3. Introduction ● Training deep neural network is hard. ● This is mainly due to randomly initialized deep architecture tend to get stuck in poor situations. ● But the ability of deep architectures to represent complex functions is unmatched. ● This paper highlights some of the recent breakthroughs in training deep architectures that has helped to uncover their potential.

4. Deep neural networks ● Shallow networks has been proved to be inefficient in circuit theory, boolean logic and neural networks. ● This is because some functions that can be represented using k layers is with finite number of units takes exponential number units with k-1 layers. ● Also highly varying function can be easily represented by a number of non-linearities stacked together. ● Another issue with shallow architectures is that they’ll require exponential number of training examples to learn complex functions ● But as mentioned earlier training deep architectures is hard. What is the solution?

5. Deep neural networks

6. Stacked Restricted Boltzmann Machine Network ● RBMs represent a generative model of input. ● Train individual layers of RBMs using contrastive divergence. ● Then stack them together so that a one layers output representation works as input to another(A DBN). ● Hinton(2006) argues that this helps in a more complex representation overall. ● Then the pretrained stacked framework can be trained to for a particular task using backpropagation.

7. Stacked Autoassociators Network ● Like RBMs autoassociators are a type of network that when combined helps improving input representation. ● Autoassociators are an encoding model which is trained to minimize the reconstruction loss of input from output. ● Stacked autoassociator performs same layer wise training procedure as DBNs. ● Reconstruction error of an autoassociator and log-likelihood of RBM are both approximate values of convergent series of log-likelihood gradient obtained in different ways.

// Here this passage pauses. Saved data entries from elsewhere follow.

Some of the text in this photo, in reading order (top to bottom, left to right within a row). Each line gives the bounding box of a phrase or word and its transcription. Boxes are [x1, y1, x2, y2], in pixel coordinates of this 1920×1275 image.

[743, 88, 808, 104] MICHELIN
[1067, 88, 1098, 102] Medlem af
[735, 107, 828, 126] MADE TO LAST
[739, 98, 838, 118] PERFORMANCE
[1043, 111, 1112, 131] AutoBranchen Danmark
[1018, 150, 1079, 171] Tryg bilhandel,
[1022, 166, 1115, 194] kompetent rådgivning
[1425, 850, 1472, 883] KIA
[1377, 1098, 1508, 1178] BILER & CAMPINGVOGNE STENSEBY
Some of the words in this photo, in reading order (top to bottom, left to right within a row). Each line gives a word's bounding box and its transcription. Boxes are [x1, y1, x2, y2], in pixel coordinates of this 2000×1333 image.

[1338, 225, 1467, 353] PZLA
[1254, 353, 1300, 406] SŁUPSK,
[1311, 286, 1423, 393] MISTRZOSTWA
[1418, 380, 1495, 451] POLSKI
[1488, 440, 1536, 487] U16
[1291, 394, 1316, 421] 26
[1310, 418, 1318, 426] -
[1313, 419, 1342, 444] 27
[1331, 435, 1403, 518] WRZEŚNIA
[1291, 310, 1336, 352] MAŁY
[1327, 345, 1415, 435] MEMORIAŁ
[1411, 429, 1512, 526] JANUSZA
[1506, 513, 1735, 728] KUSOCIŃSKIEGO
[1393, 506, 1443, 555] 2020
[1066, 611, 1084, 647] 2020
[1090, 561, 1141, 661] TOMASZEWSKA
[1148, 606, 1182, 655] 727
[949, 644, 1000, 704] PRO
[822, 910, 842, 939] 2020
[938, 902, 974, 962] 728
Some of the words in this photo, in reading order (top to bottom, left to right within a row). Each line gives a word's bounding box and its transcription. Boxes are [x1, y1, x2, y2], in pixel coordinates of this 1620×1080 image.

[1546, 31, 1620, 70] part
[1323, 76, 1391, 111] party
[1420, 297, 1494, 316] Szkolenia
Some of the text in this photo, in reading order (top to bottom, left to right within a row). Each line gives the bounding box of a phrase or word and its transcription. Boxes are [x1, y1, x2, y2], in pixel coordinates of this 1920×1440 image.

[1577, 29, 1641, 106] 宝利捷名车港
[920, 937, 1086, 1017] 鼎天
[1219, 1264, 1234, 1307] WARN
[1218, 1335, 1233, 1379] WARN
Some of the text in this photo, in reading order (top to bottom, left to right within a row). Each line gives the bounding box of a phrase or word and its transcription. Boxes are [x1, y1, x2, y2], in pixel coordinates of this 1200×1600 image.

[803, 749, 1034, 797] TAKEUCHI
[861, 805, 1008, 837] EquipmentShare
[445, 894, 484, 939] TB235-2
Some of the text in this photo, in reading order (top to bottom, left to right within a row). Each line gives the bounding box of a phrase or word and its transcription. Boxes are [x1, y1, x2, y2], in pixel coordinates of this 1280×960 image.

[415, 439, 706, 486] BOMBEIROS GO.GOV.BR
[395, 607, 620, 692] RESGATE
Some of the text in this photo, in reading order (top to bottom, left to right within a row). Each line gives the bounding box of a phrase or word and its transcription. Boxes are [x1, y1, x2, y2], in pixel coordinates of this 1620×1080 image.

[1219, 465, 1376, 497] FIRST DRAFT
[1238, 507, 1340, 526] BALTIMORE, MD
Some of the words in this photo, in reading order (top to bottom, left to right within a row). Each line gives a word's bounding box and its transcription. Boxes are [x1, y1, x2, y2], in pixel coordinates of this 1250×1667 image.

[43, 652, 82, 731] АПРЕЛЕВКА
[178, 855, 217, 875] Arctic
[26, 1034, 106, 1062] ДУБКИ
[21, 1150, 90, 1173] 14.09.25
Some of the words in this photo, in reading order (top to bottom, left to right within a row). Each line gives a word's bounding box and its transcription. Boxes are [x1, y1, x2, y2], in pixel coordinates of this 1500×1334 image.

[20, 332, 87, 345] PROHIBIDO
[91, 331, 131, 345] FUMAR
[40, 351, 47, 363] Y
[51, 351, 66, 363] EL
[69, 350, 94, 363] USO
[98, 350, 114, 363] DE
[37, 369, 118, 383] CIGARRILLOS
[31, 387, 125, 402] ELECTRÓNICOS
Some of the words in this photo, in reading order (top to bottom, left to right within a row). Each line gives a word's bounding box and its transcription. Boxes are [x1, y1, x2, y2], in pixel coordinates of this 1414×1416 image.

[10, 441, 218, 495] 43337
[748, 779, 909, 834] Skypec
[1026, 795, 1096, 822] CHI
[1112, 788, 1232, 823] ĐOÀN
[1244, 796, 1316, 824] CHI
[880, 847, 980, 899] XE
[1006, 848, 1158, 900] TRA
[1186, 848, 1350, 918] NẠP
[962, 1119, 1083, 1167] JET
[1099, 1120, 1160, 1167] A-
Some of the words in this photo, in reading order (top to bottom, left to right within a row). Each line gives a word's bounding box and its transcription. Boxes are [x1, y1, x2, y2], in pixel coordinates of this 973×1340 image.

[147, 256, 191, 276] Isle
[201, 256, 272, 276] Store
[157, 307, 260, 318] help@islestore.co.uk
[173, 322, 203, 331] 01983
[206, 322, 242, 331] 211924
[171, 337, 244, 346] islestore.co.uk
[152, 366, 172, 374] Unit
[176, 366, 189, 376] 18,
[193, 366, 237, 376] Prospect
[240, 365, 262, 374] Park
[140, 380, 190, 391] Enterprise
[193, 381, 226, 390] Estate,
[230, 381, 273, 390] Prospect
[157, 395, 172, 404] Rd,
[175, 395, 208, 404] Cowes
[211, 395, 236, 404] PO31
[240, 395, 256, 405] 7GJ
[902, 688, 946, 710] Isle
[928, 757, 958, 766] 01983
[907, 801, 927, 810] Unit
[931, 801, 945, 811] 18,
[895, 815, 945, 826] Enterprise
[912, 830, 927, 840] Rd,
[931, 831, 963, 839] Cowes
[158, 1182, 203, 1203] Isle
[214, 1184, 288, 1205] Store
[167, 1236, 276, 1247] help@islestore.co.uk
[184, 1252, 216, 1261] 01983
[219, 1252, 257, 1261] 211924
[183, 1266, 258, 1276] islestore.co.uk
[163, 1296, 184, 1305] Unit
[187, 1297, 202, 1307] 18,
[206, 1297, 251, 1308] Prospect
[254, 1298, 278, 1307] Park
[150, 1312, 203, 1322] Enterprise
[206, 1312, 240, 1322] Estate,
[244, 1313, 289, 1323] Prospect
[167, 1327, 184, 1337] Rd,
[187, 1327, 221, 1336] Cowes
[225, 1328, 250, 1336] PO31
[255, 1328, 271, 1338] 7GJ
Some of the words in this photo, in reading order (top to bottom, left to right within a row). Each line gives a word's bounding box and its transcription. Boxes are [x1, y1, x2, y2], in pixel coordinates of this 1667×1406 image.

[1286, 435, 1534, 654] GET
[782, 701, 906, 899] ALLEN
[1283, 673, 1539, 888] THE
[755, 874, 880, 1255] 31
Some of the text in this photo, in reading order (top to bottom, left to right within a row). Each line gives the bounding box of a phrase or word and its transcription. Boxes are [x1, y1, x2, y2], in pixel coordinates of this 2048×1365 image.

8. Stacked Autoassociators Network

9. Experimental results

10. Experimental results

11. Experimental results

12. Experimental results

13. Conclusion ● DNNs are an indispensable tool for learning tasks. ● This paper presents 3 methods of optimally training DNNs, 1. pre-training one layer at a time in a greedy way. 2. using unsupervised learning at each layer in a way that preserves information from the input and disentangles factors of variation. 3. fine-tuning the whole network with respect to the ultimate criterion of interest. ● The experiments are sound and present clearly why deep neural networks trained using the presented methods can help in improving learning tasks significantly over single layer networks.